A striking study of a woman on the verge.

The provocative British novelist imagines his mother’s complex inner life.

As a child, Self briefly lived in Ithaca, New York, where his father, John, taught at Cornell and his mother, Elaine, served as her husband’s well-read assistant. This book, covering roughly a year in the family’s life there in 1954 and 1955, is inspired by his mother’s diary and tracks Elaine as she ponders motherhood, squandered ambitions, and (especially) infidelity. She dwells on what she suspects about John, naturally, but also on her own flings, mainly with Ted Troppmann, one of John’s professorial colleagues. Marriage is just one institution that makes her feel constrained: The day-to-day business of running a household chafes, forcing her to suppress her own intellectual ambitions, and though she loves her preadolescent son, Billy, motherhood alone does little for her. Self has long been an admirer of the modernists, and stylistically this novel strongly recalls Mrs. Dalloway, as Elaine’s mind flits from place to place and an overall mood of dissatisfaction sets in (“bitterness, pain, confusion, and sadness in the sightless, senseless, grimacing face of the act of love”). It also gets deeply intimate with Elaine physically, from lust to migraines to periods to bouts of heavy drinking. The novel is a smart portrait of starchy academia and literary life (Vladimir Nabokov and Saul Bellow have brief cameos) and how misogyny runs at the core of society, sometimes violently so.
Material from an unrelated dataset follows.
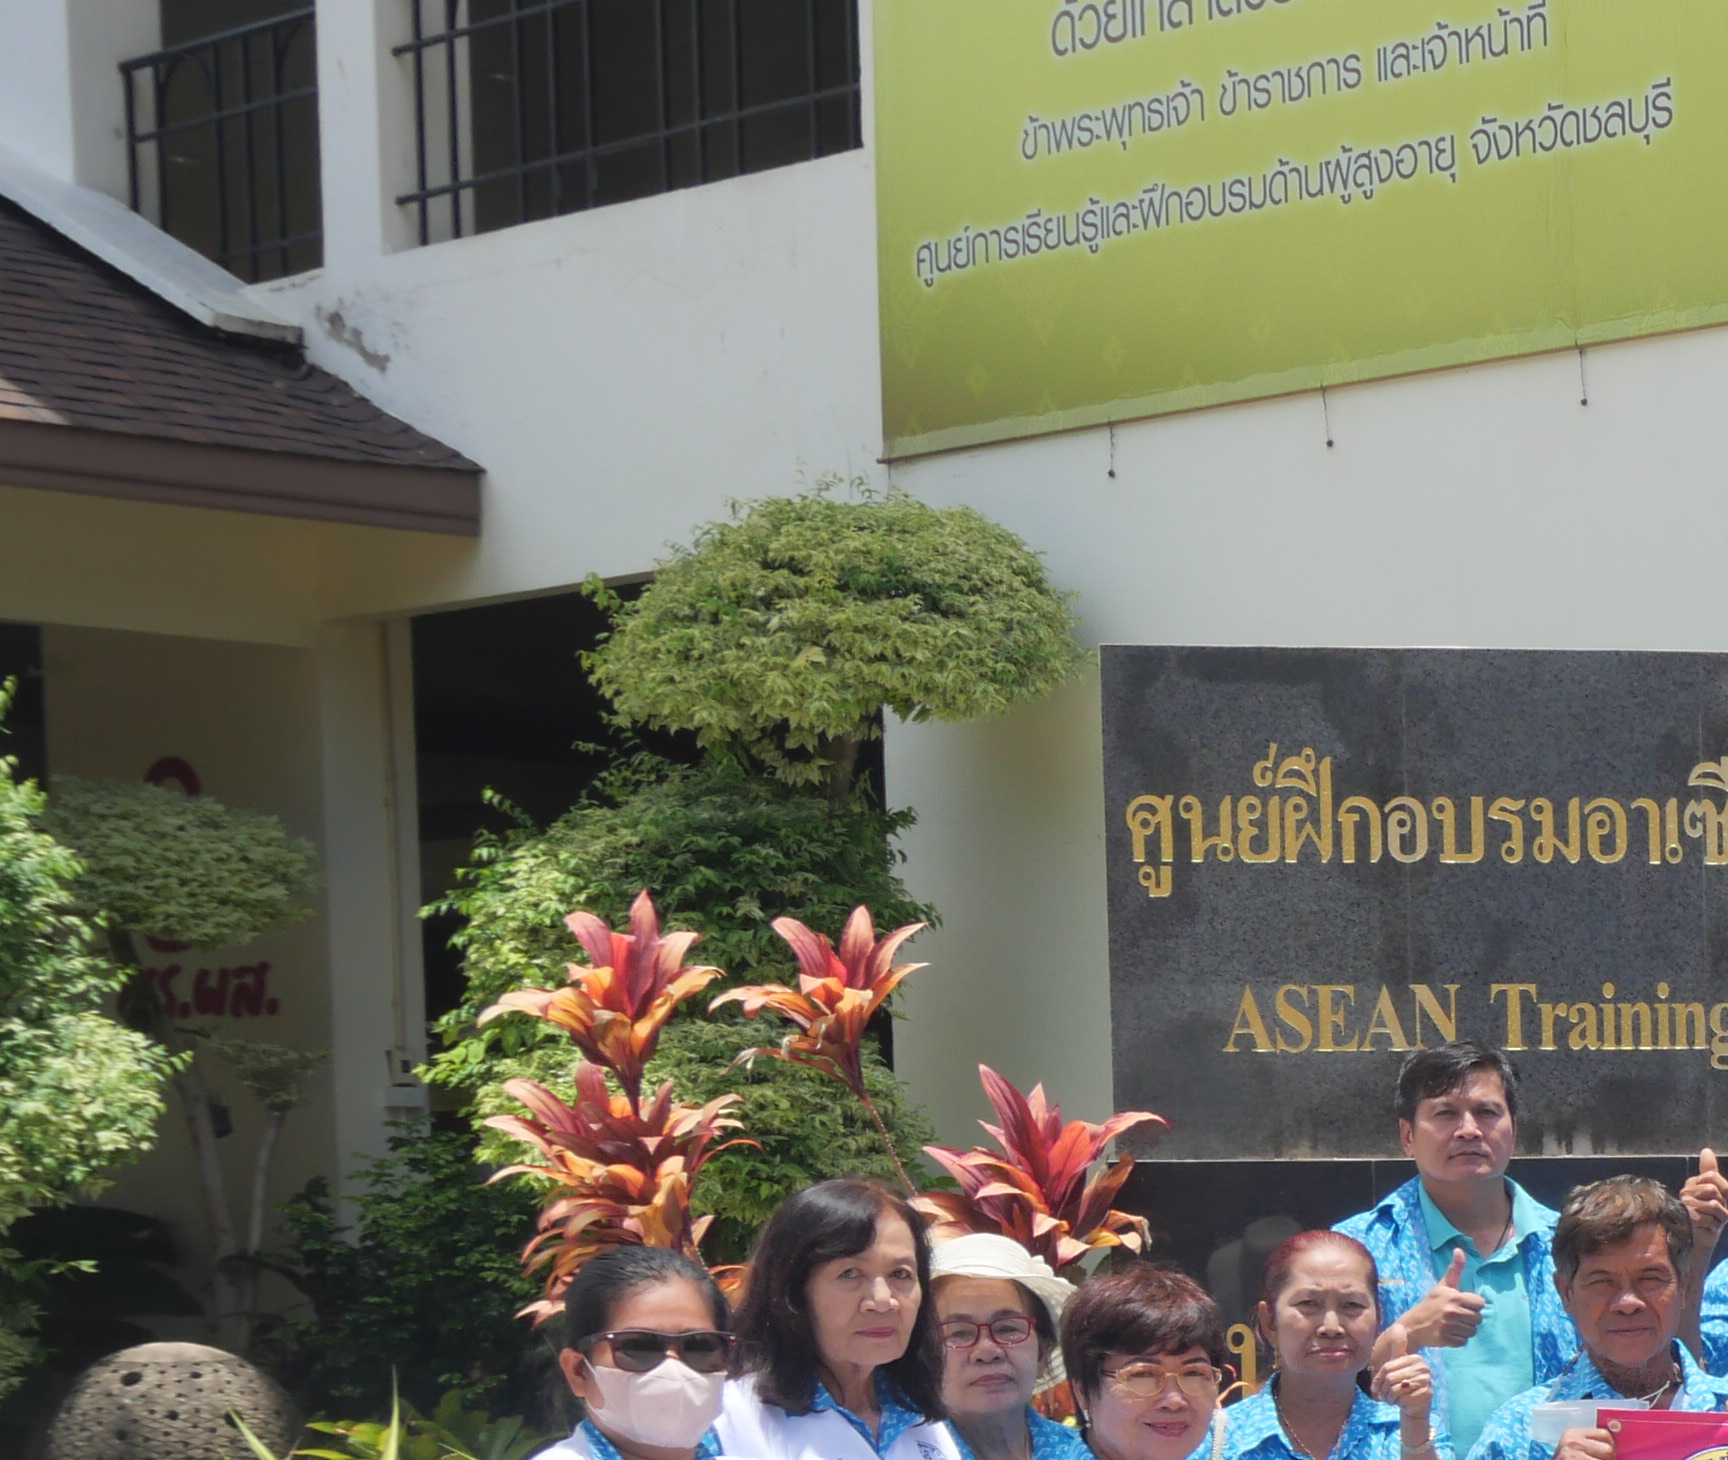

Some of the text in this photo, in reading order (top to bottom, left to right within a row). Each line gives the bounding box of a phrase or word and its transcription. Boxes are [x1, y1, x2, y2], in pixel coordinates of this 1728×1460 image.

[1021, 0, 1548, 161] ข้าพระพุทธเจ้า ข้าราชการ และเจ้าหน้าที
[915, 76, 1675, 288] ศูนย์การเรียนรู้และฝึกอบรมด้านผู้สูงอายุ จังหวัดชลบุรี
[1224, 983, 1460, 1053] ASEAN
But its chief strength is as a showcase of a woman who’s had it up to here with good manners (she is “a diary keeper and a diary burner, an unfaithful wife and an unloving mother, an angry gouger and a hysterical screamer”). The digressive, at times rambling, prose that’s long been common for Self is present, but there’s no question that his chosen subject has focused his mind.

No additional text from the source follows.